Main memory is the weakest link. That's why my next computer will have ECC memory. So, when you copy the file (or otherwise defragment or modify the file, etc), you read a good copy, some bit flips in RAM, and you write back corrupted data. Your disk receives the corrupted data, happily computes a checksum, therefore ensuring you can read back your corrupted data faithfully. That's where ZFS helps. Using checksumming scripts is a good idea, and I do it myself. But I don't have auto-defrag on Linux, so I'm safer : when I detect a corrupted copy, I still have the original.
ext2 was introduced in 1993, and so was NTFS. ext4 is just ext2 updated (ext was a different beast). If anything, HFS+ is more modern, not that it makes a difference. All of them are updated. By the way, I noticed recently that Mac OS X resource forks sometimes contain a CRC32. I noticed it in a file coming from Mavericks.
I have discovered a truly marvelous proof of killer sig, which this margin is too narrow to contain.
Anyone who owned a Mac since the 80s remembers having to use Norton Disk Doctor and later DiskWarrior at least once per month to repair the filesystem. Entire folders could go randomly missing each time you booted up your Mac, and if you accidentally lost power to your hard drive, the use of one of those was mandatory.
I've slowly been moving all my systems to Btrfs from least important to most important and have had no problems so far.
ayottesoftware.com
Some people are talking about the fact that bitrot could happen as a result of bad RAM. Are you talking about bad system RAM or the RAM onboard the HDD's controller board?

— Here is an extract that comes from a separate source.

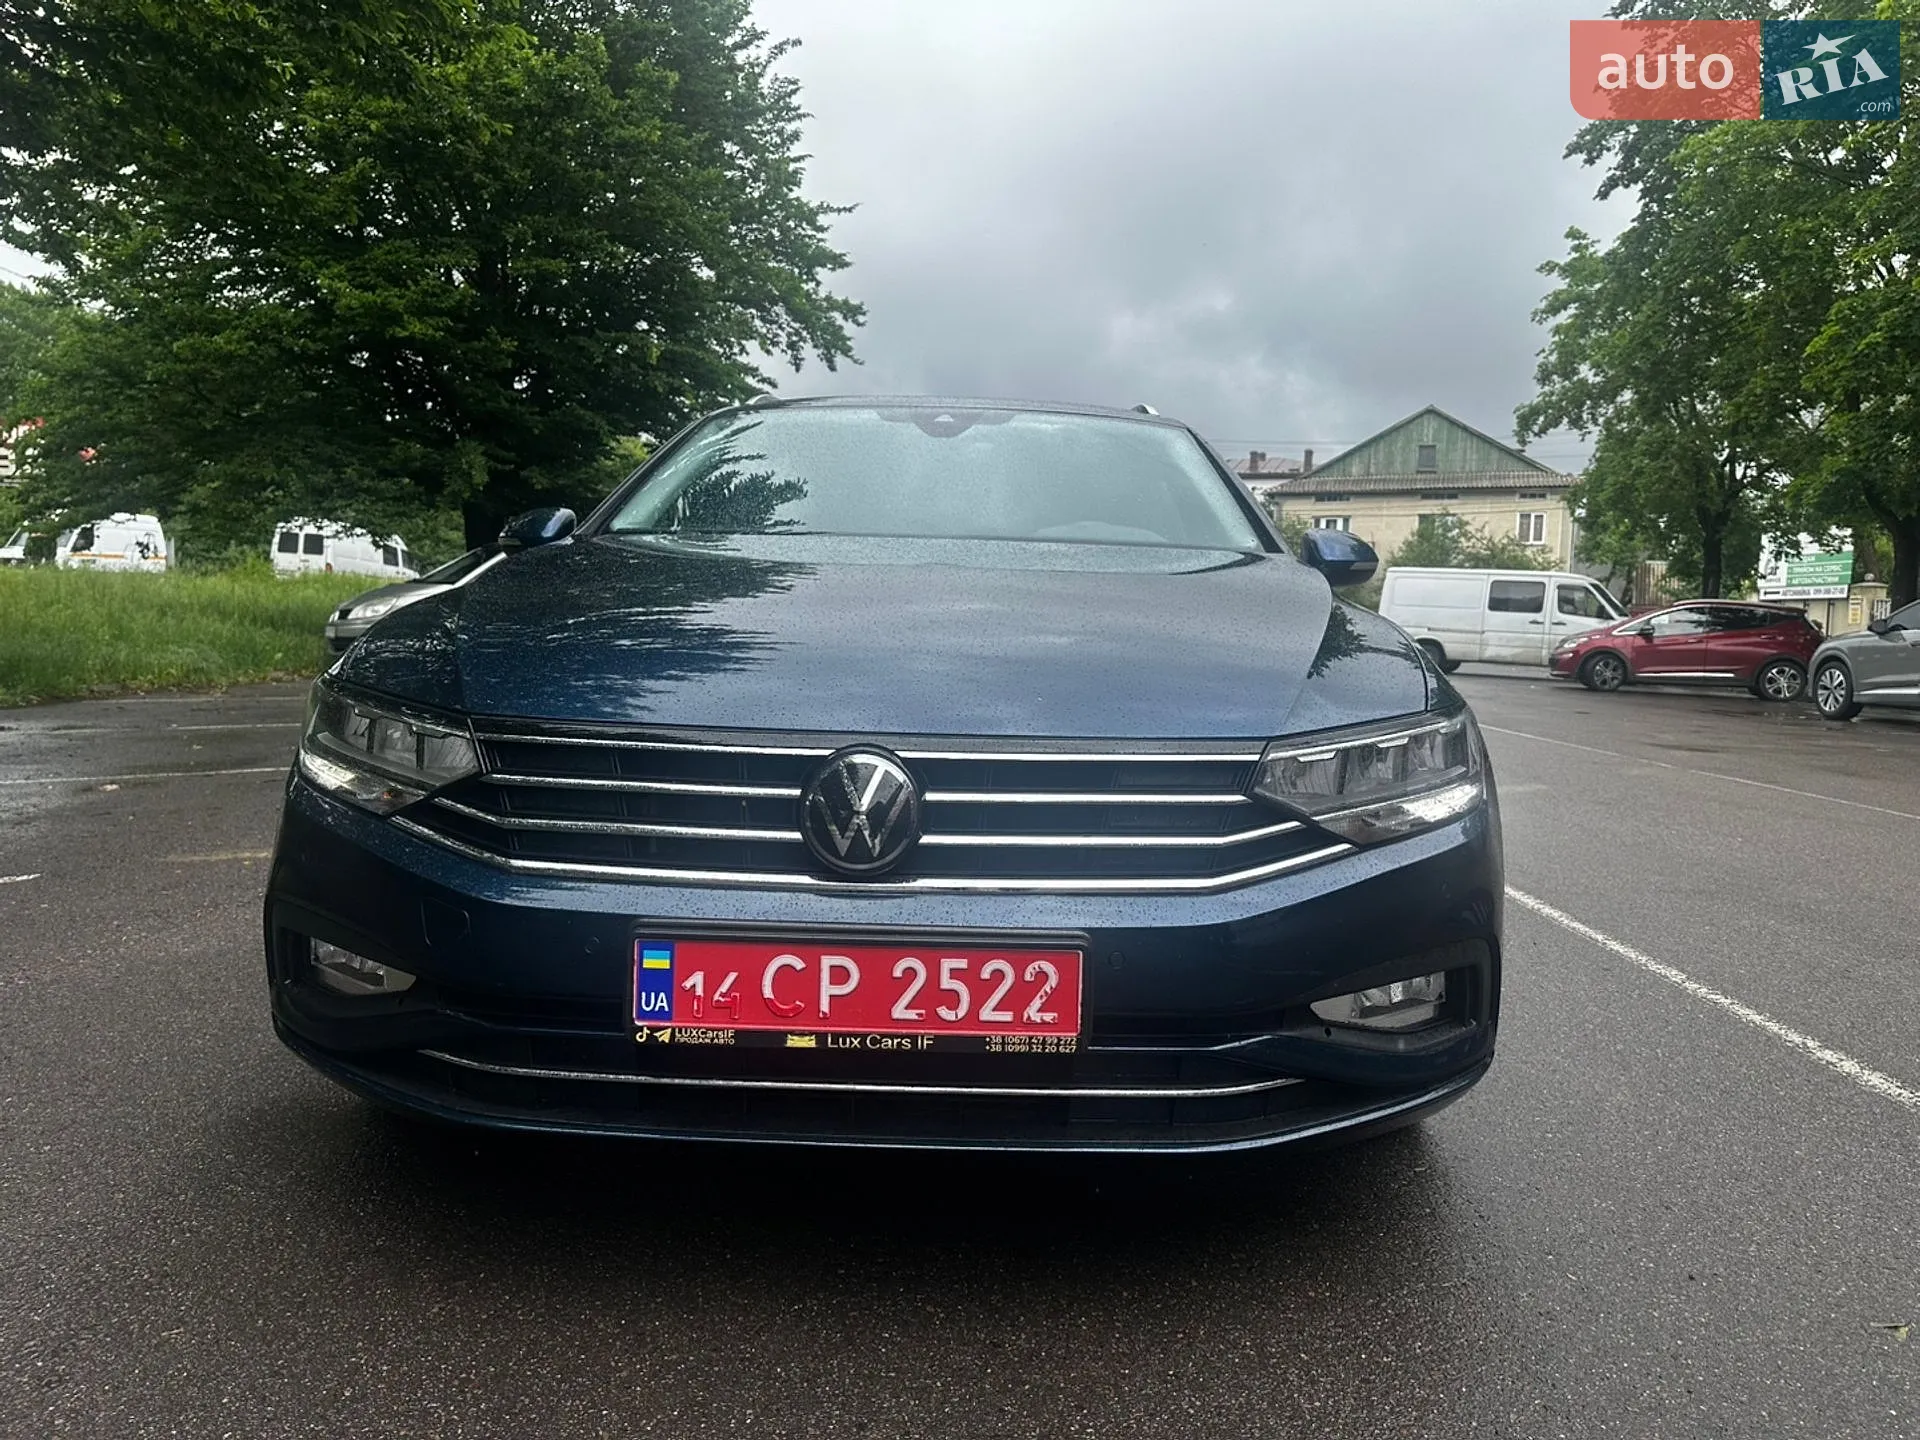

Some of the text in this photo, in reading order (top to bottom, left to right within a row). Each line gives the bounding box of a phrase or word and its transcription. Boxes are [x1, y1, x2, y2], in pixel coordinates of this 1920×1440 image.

If it was indeed bad system RAM, wouldn't bad system RAM cause a random BSOD (Windows) or Kernel Panic (Linux)? With how much RAM we use these days it's very likely we're going to be using all of the storage capacity of each of the DIMMs that we have in our systems.
Myself I have 16 GBs of RAM in my Windows machine and at any moment in time I'm using at the very least 40% of the RAM in the system with spikes up to at least 60% depending upon what I'm doing at the time. So with that said, the possibility of kernel memory structures being corrupted at some point while using memory (in even less used DIMMs in your system) I figure is going to happen. I'm not sure how the memory in the DIMMs are being used though. Is it being used sequentially? (DIMM 0, chip 1... 2... 3... 4, DIMM 1, chip 1... 2... 3...4, etc.) Or is the data thrown about randomly on the DIMMs?

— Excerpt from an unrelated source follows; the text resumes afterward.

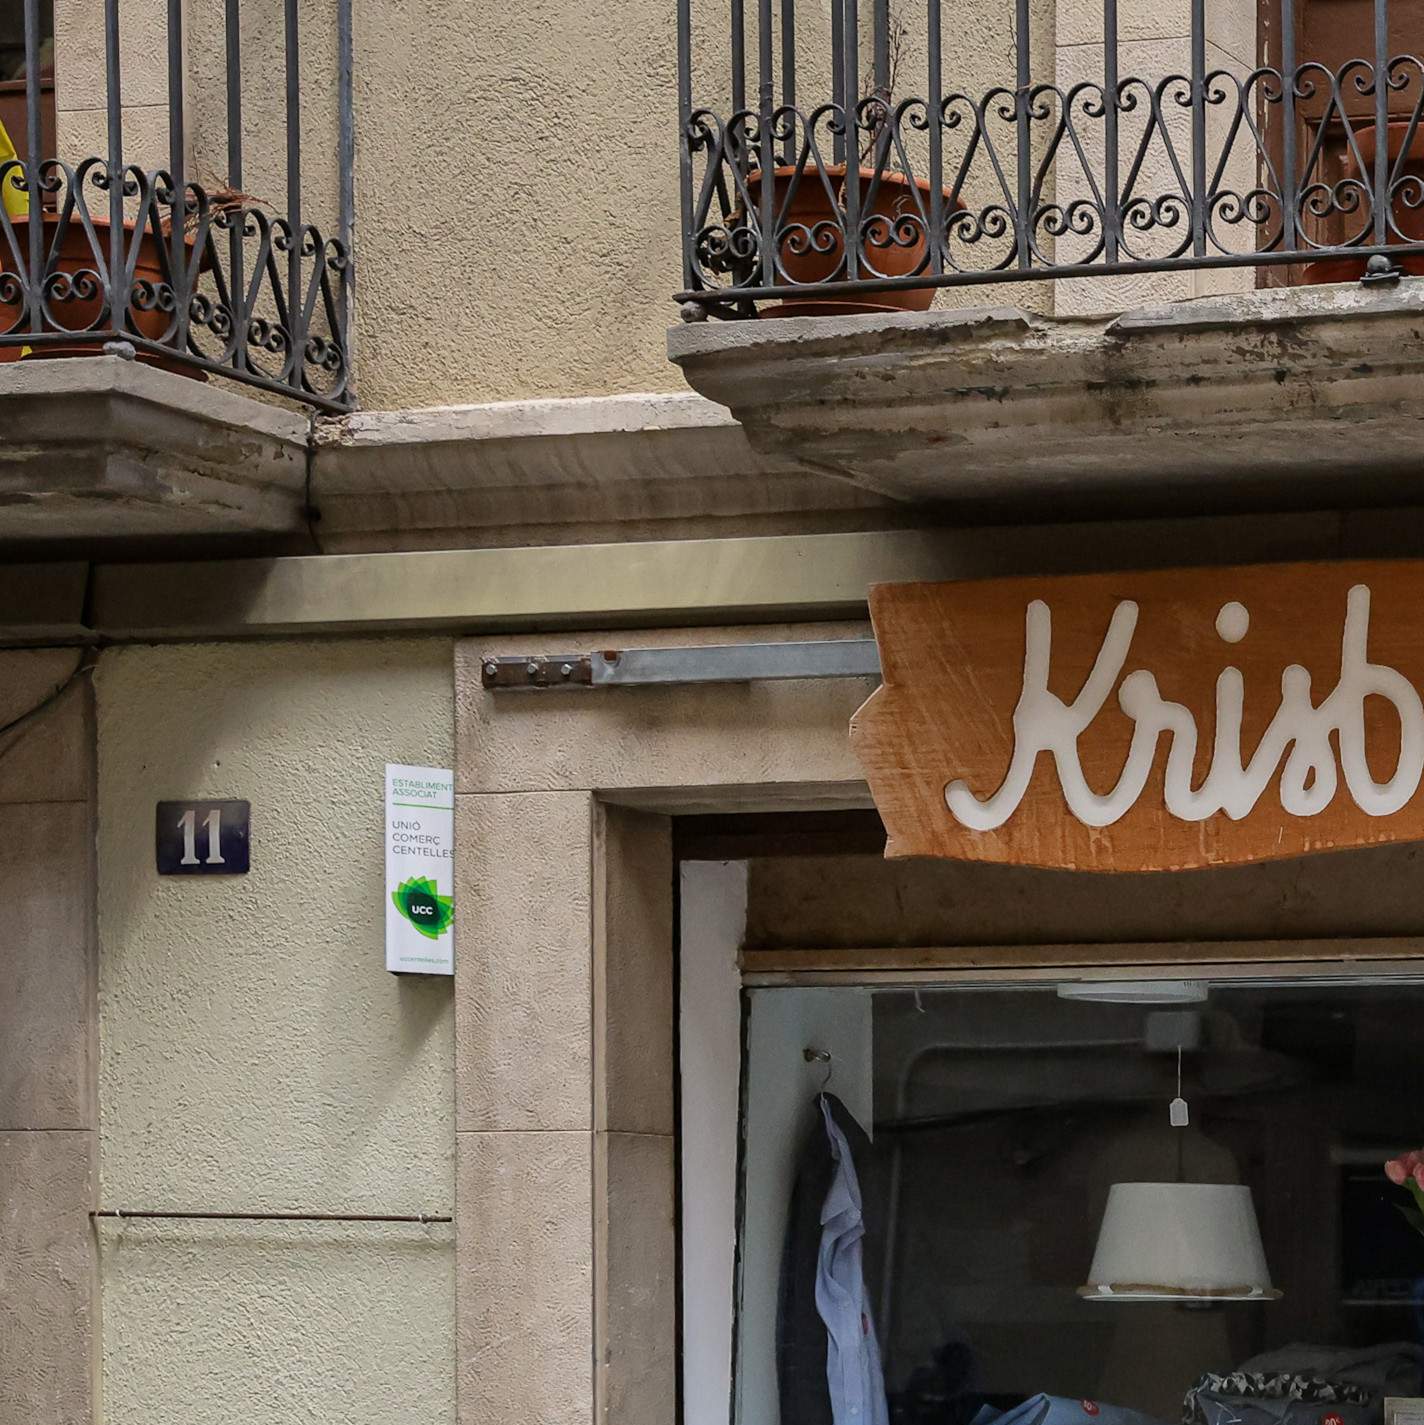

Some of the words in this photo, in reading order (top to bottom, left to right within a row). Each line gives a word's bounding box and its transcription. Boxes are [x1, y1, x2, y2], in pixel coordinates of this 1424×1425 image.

Myself, if I had a random BSOD just happen I'd be running MemTest86+ in a hot second to test my system RAM and be asking to Corsair (the company that made my DIMMs) for an RMA.
So if does indeed turn out to be bad system RAM that causes this, I guess that it's a good idea not to be buying cheap RAM to begin with. Myself, I've never had a problem with Corsair Vengeance RAM modules so I will continue to buy that line of Corsair memory.
This sounds like actual disk errors. File systems can't do much about them, you really need something like a RAID.
RAM may have a low error rate much better than HDDs or SDs. That does not mean that you won't have errors even if you have a good brand and treat it well. Bit-level errors can and do happen all the time without us knowing; other times it happens in the wrong place and we notice (but think it is something else) it isn't until it gets really bad that we notice.
Example, say your RAM has a 1% bit loss rate (ignore that is insanely high) well if 90% of your data is not touchy code but data, the odds are that you may not notice 1 bit getting flipped that often. Then you have the fact that RAM could maintain that error rate over decades of smaller faster RAM but now you are storing MORE data and cycling it MORE than was possible on the older computers. So, if you had 1 bit error every gigabyte of throughput on a slow 1Mhz computer with 1MB of RAM it would take a long time for that 1% bit flip to happen (and if you noticed you'd still not likely blame the RAM) -- but today pumping though in seconds what that old machine would take a year; the error would occur quite often. SAME problem with storage but with an additional problem in that they still have the same lifespan requirements - RAM can be refreshed can checked.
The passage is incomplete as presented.